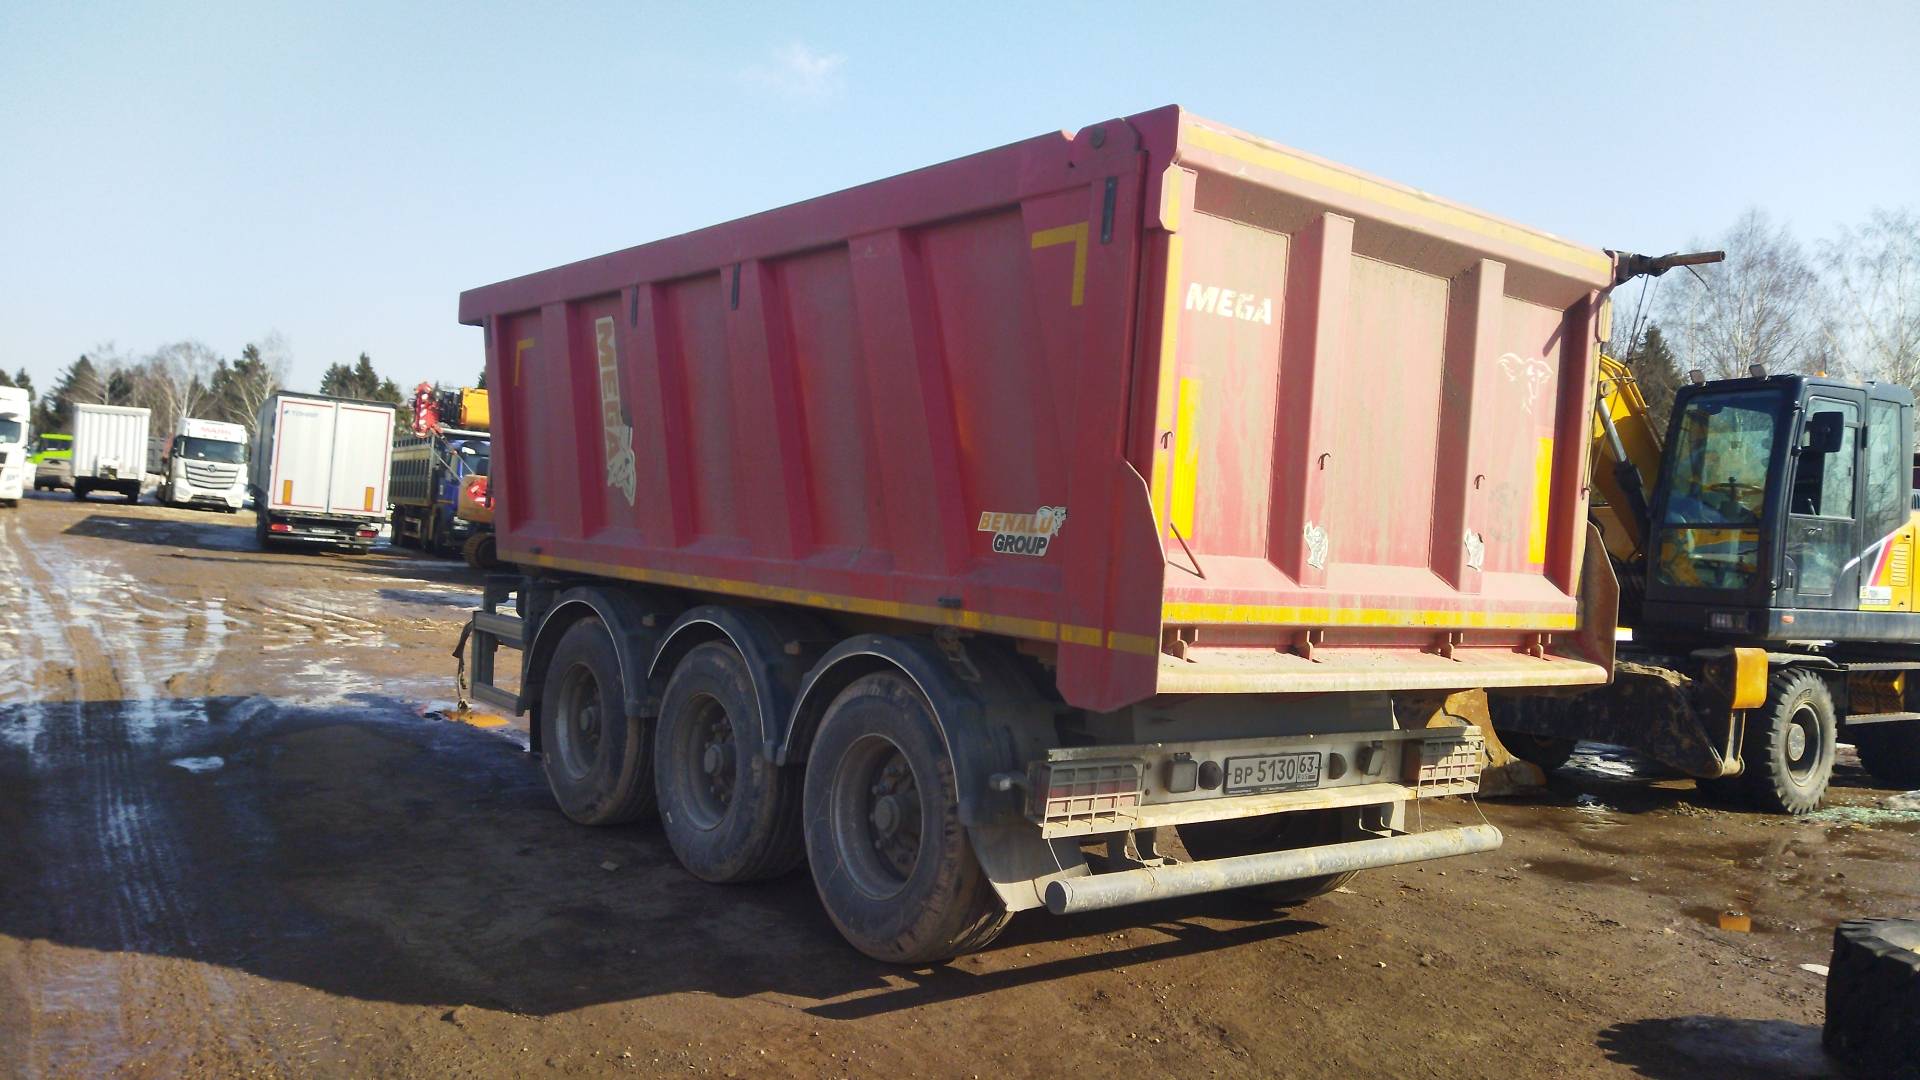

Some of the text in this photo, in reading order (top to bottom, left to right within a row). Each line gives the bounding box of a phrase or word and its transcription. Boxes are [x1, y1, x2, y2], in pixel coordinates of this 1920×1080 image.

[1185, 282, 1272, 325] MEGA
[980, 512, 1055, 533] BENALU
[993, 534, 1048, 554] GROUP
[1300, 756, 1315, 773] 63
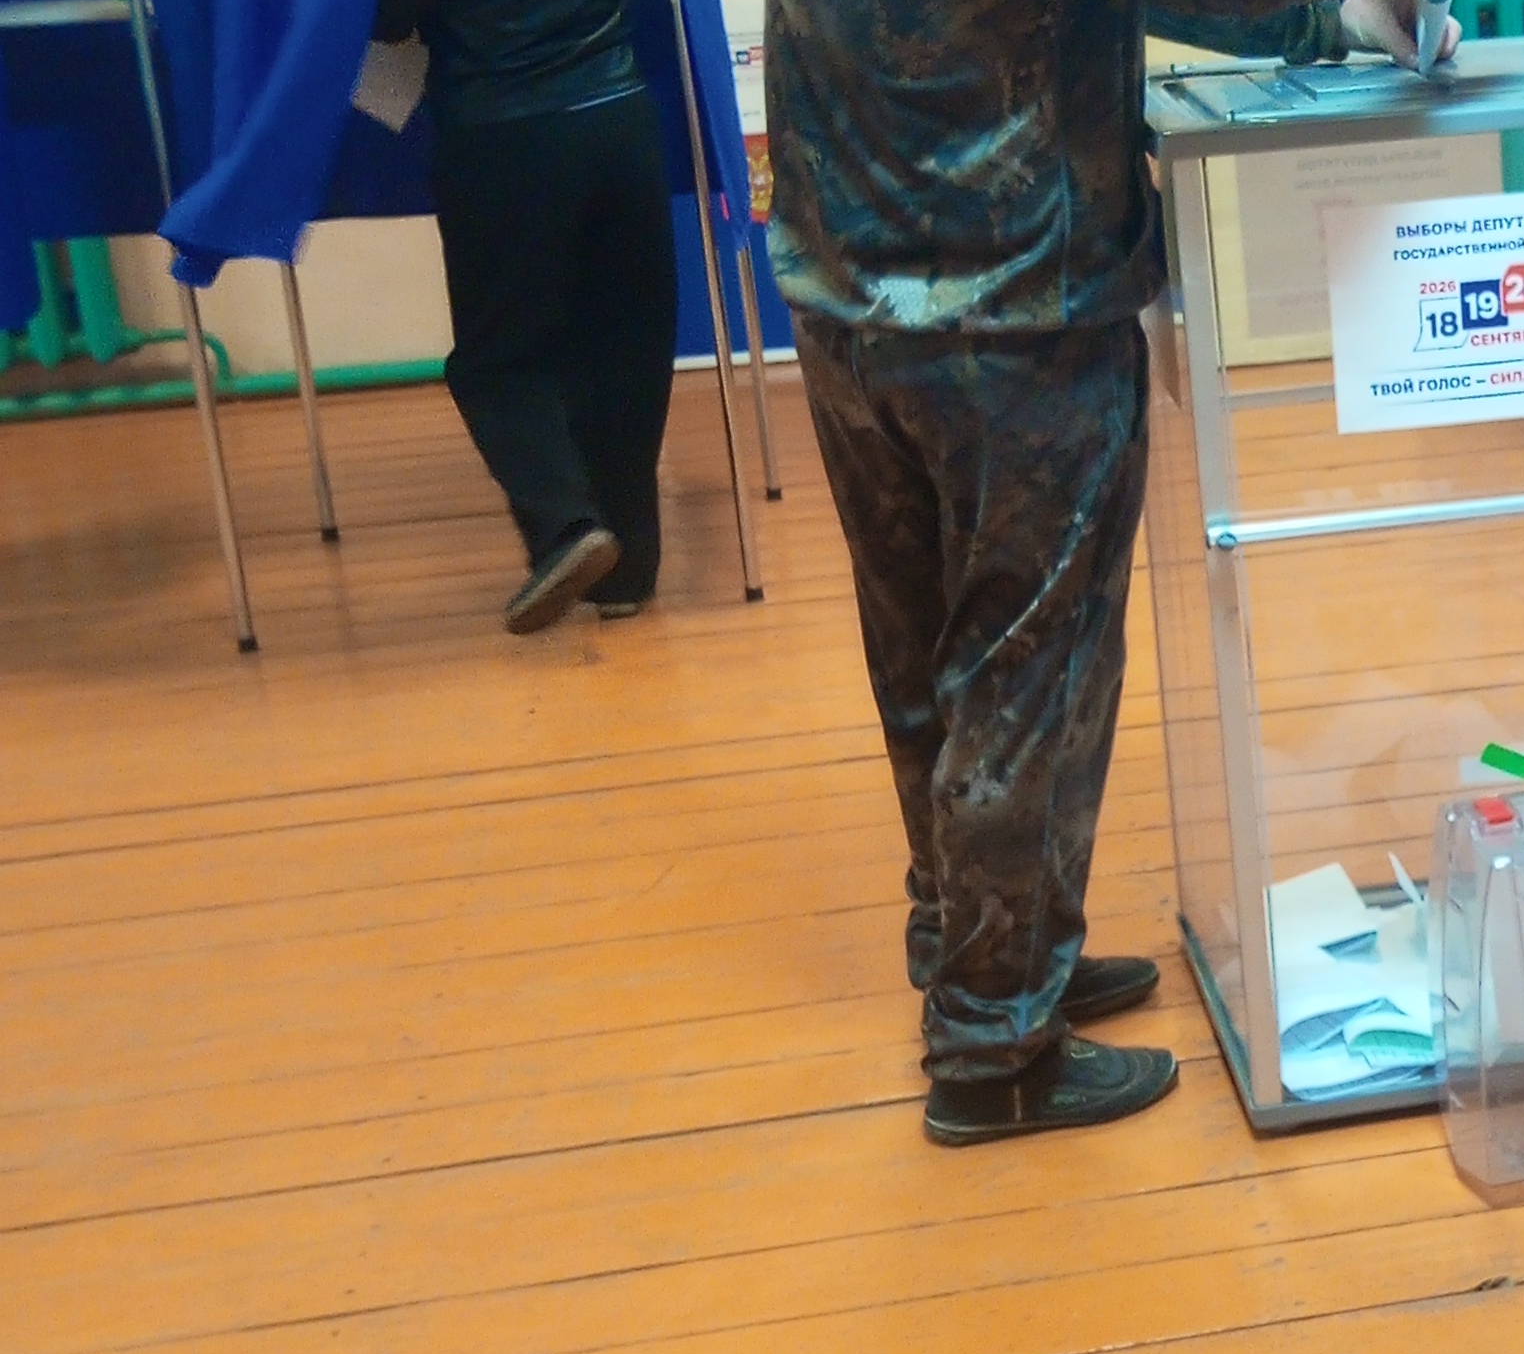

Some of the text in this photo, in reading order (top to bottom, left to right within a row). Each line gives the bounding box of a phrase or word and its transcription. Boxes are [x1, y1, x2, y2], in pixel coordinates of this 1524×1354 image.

——

Render the data above verbatim and without pictures.

Some of the text in this photo, in reading order (top to bottom, left to right within a row). Each line gives the bounding box of a phrase or word and its transcription. Boxes are [x1, y1, x2, y2], in pixel coordinates of this 1920×1080 image.

[1185, 282, 1272, 325] MEGA
[980, 512, 1055, 533] BENALU
[993, 534, 1048, 554] GROUP
[1300, 756, 1315, 773] 63

Some of the text in this photo, in reading order (top to bottom, left to right within a row). Each line gives the bounding box of a phrase or word and its transcription. Boxes are [x1, y1, x2, y2], in pixel coordinates of this 1524×1354 image.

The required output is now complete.